#### DESCRIPTION OF THE TASK
Word for word, repeat the lines of the records from the one containing "this 1536×2048 image." through the last line, both included.

━━━━━━━━━━━━━━━━━━━━━━━━━━━━━━

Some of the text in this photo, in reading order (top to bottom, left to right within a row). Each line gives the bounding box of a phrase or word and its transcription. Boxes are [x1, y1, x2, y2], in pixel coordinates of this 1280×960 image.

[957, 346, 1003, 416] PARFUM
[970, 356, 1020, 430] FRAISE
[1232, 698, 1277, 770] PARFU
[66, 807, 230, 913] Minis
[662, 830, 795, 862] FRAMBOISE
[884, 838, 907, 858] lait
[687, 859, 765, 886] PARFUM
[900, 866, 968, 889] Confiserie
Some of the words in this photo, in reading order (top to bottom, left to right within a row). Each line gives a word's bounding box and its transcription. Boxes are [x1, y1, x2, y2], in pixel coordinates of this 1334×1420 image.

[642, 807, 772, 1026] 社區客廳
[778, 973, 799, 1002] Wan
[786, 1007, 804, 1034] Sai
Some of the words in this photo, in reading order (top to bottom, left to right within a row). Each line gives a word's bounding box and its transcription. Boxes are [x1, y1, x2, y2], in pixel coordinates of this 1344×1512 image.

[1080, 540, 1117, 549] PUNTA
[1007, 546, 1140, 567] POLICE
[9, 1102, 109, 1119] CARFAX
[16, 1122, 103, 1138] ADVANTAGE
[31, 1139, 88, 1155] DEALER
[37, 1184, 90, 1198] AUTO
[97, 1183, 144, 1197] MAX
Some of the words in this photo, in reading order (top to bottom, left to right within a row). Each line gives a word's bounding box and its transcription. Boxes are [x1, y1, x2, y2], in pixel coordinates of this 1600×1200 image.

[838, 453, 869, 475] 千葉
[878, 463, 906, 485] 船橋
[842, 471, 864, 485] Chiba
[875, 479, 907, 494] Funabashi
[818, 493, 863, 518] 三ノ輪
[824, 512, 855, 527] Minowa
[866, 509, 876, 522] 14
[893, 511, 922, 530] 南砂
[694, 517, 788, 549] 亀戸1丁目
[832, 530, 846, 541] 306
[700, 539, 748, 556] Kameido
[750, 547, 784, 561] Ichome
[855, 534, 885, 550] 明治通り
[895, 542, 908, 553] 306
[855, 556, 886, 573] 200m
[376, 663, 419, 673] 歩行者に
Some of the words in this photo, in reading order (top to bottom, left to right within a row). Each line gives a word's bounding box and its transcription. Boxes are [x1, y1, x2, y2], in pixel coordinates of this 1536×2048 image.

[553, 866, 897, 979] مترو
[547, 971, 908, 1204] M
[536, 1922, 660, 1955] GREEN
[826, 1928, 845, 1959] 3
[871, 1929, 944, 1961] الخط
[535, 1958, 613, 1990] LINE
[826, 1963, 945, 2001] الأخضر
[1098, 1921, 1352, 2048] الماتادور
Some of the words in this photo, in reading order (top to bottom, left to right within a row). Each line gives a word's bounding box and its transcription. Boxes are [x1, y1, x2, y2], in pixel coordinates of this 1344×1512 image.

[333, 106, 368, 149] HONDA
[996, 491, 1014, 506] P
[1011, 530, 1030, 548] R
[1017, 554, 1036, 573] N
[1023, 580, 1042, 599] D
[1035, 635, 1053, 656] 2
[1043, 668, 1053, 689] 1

━━━━━━━━━━━━━━━━━━━━━━━━━━━━━━

#### REPLY TO THE TASK
Some of the words in this photo, in reading order (top to bottom, left to right within a row). Each line gives a word's bounding box and its transcription. Boxes are [x1, y1, x2, y2], in pixel coordinates of this 1536×2048 image.

[553, 866, 897, 979] مترو
[547, 971, 908, 1204] M
[536, 1922, 660, 1955] GREEN
[826, 1928, 845, 1959] 3
[871, 1929, 944, 1961] الخط
[535, 1958, 613, 1990] LINE
[826, 1963, 945, 2001] الأخضر
[1098, 1921, 1352, 2048] الماتادور
Some of the words in this photo, in reading order (top to bottom, left to right within a row). Each line gives a word's bounding box and its transcription. Boxes are [x1, y1, x2, y2], in pixel coordinates of this 1344×1512 image.

[333, 106, 368, 149] HONDA
[996, 491, 1014, 506] P
[1011, 530, 1030, 548] R
[1017, 554, 1036, 573] N
[1023, 580, 1042, 599] D
[1035, 635, 1053, 656] 2
[1043, 668, 1053, 689] 1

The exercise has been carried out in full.